Go through the data and retrieve each line that includes the string "Rose".

• • • • • • •

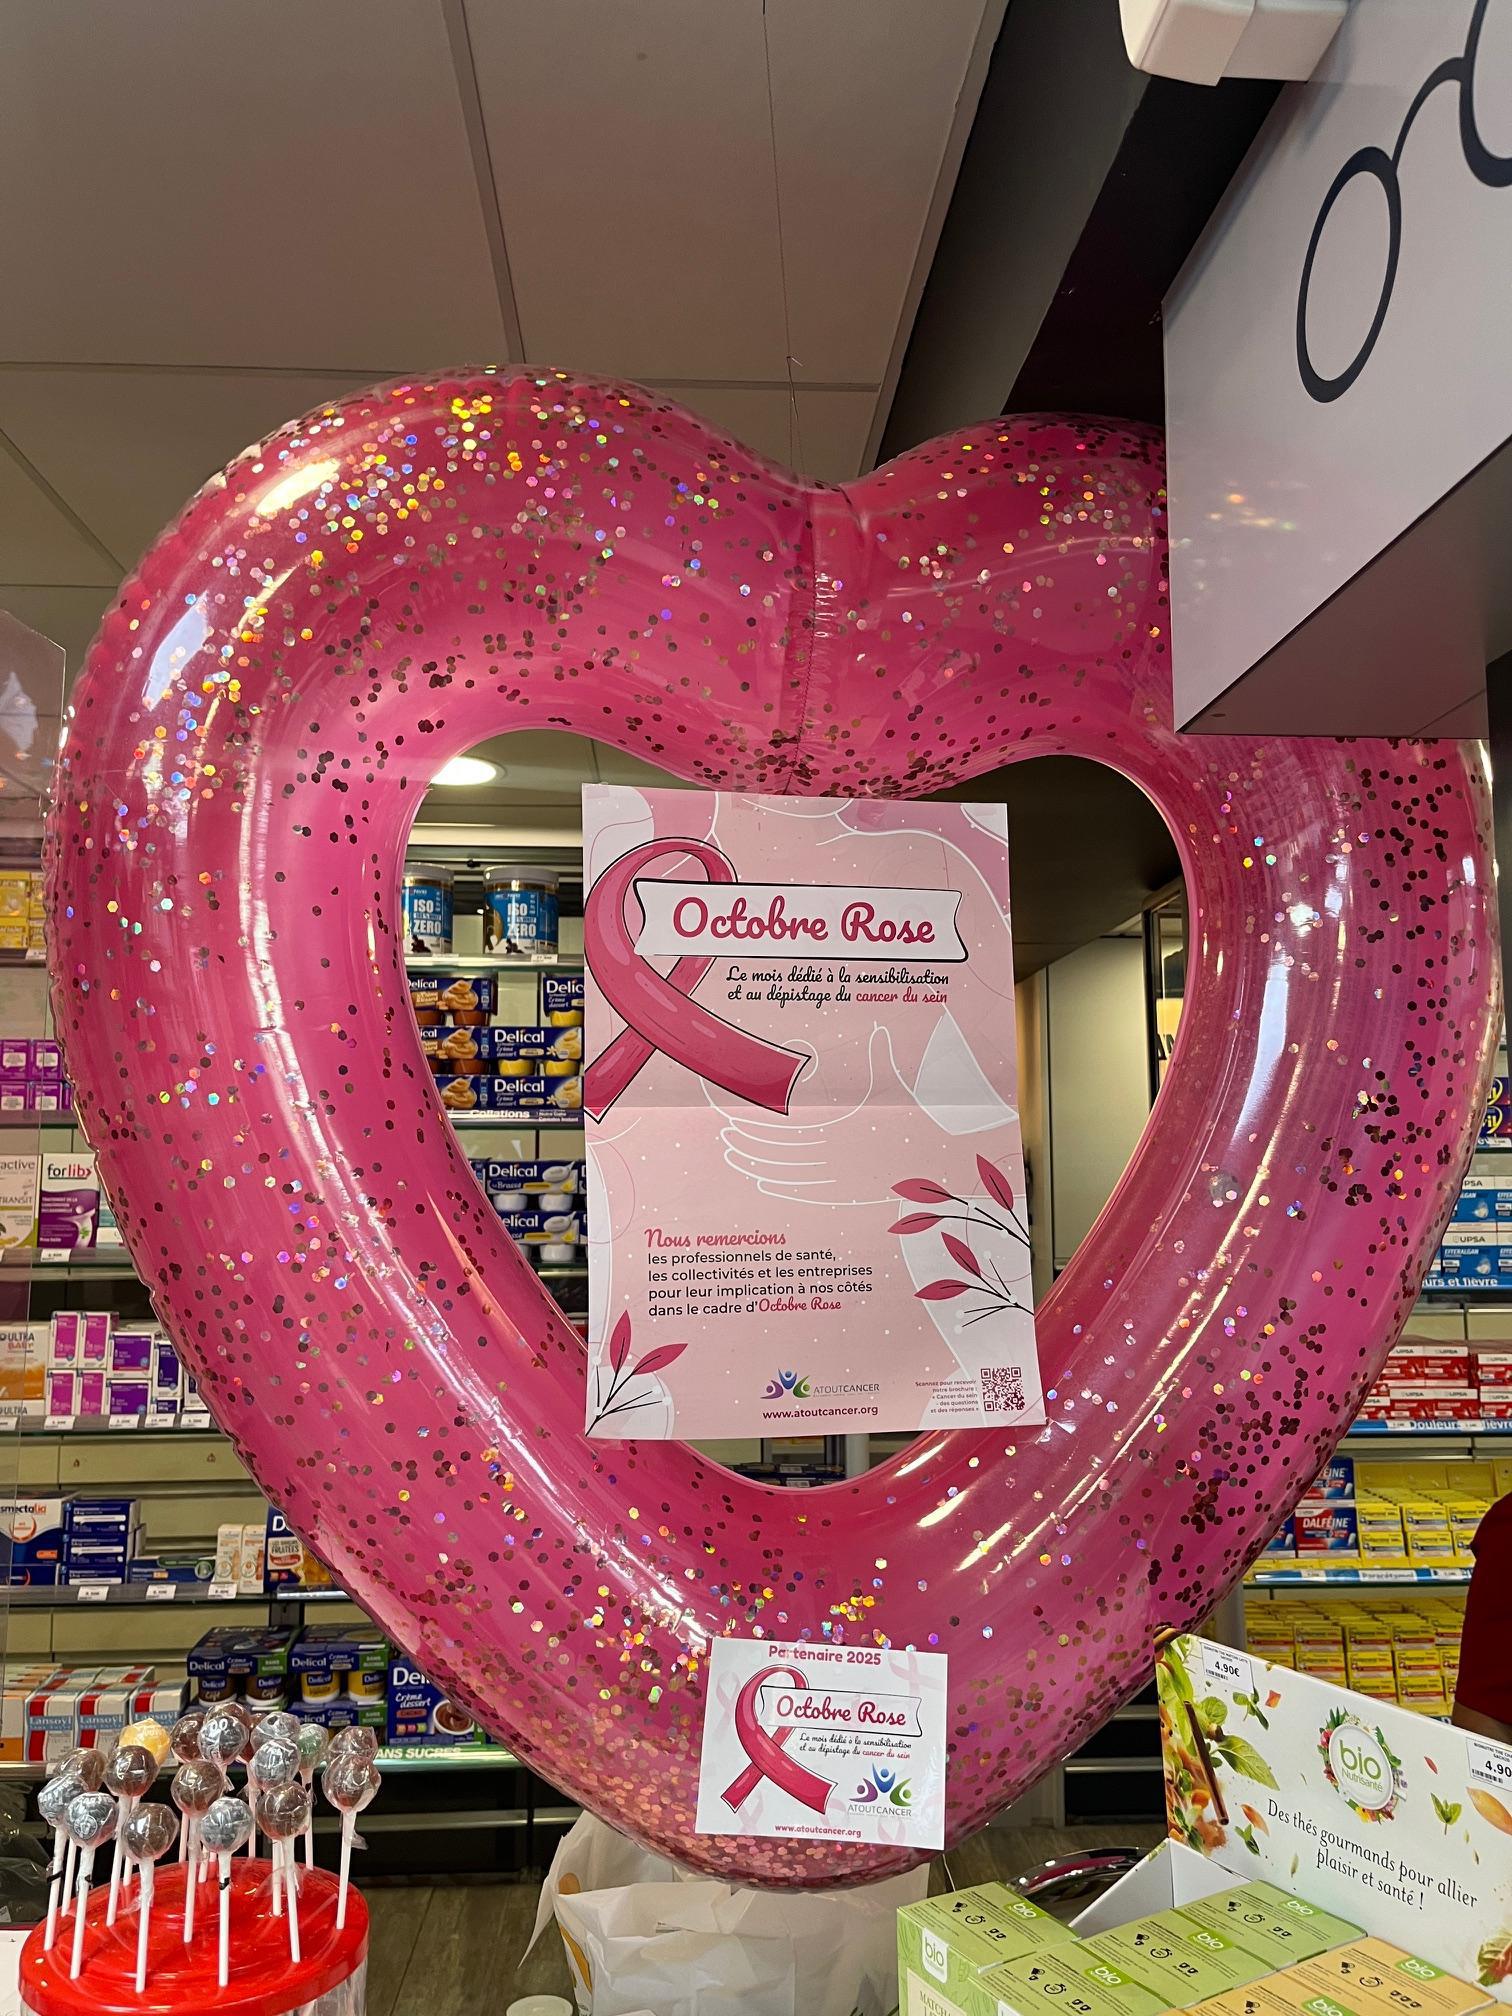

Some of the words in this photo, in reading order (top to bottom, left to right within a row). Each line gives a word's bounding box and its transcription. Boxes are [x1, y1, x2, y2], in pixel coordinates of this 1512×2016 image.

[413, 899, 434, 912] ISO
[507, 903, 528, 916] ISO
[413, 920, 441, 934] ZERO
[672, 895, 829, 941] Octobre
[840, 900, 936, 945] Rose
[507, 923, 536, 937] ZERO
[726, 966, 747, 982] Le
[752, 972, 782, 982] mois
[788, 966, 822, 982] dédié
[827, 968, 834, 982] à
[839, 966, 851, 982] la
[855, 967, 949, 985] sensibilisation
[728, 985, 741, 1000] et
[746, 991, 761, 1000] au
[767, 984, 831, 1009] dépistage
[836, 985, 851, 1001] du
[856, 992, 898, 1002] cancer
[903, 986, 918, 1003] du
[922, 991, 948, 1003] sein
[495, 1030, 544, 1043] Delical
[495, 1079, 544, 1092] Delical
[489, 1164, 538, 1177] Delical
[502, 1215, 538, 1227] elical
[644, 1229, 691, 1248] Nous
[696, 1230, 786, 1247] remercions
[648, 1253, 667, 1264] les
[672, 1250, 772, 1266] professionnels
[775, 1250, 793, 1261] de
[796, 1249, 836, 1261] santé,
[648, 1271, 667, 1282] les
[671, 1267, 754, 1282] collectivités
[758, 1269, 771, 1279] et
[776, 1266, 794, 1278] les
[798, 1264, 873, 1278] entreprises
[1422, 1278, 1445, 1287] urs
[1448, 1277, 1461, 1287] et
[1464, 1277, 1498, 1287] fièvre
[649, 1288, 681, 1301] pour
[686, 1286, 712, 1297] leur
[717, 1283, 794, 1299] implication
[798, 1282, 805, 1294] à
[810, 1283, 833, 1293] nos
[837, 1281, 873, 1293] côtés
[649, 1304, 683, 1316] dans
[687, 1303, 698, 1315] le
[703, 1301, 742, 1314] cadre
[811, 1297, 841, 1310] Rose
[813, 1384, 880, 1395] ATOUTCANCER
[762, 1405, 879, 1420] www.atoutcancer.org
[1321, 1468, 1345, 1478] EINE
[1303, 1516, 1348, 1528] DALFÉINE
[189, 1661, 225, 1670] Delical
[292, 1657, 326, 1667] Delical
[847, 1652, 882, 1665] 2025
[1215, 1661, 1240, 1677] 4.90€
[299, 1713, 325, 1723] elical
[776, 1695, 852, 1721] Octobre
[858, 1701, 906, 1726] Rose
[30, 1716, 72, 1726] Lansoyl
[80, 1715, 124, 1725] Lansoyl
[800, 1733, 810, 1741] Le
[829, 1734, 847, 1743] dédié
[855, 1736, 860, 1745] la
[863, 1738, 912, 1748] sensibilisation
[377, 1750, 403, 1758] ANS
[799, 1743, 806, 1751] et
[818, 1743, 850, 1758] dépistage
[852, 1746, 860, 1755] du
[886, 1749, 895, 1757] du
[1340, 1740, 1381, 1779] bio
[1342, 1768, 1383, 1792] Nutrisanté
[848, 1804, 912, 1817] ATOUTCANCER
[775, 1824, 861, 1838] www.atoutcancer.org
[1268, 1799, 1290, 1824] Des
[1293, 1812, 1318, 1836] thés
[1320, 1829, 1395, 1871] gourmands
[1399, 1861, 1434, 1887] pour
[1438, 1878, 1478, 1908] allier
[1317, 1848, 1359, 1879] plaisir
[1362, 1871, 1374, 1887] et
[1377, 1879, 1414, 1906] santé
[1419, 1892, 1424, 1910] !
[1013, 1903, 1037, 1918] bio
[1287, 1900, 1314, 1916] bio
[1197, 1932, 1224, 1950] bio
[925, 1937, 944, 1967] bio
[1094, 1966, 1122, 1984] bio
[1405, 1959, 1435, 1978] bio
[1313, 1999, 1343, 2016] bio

• • • • • • •

THE ANSWER:
[840, 900, 936, 945] Rose
[811, 1297, 841, 1310] Rose
[858, 1701, 906, 1726] Rose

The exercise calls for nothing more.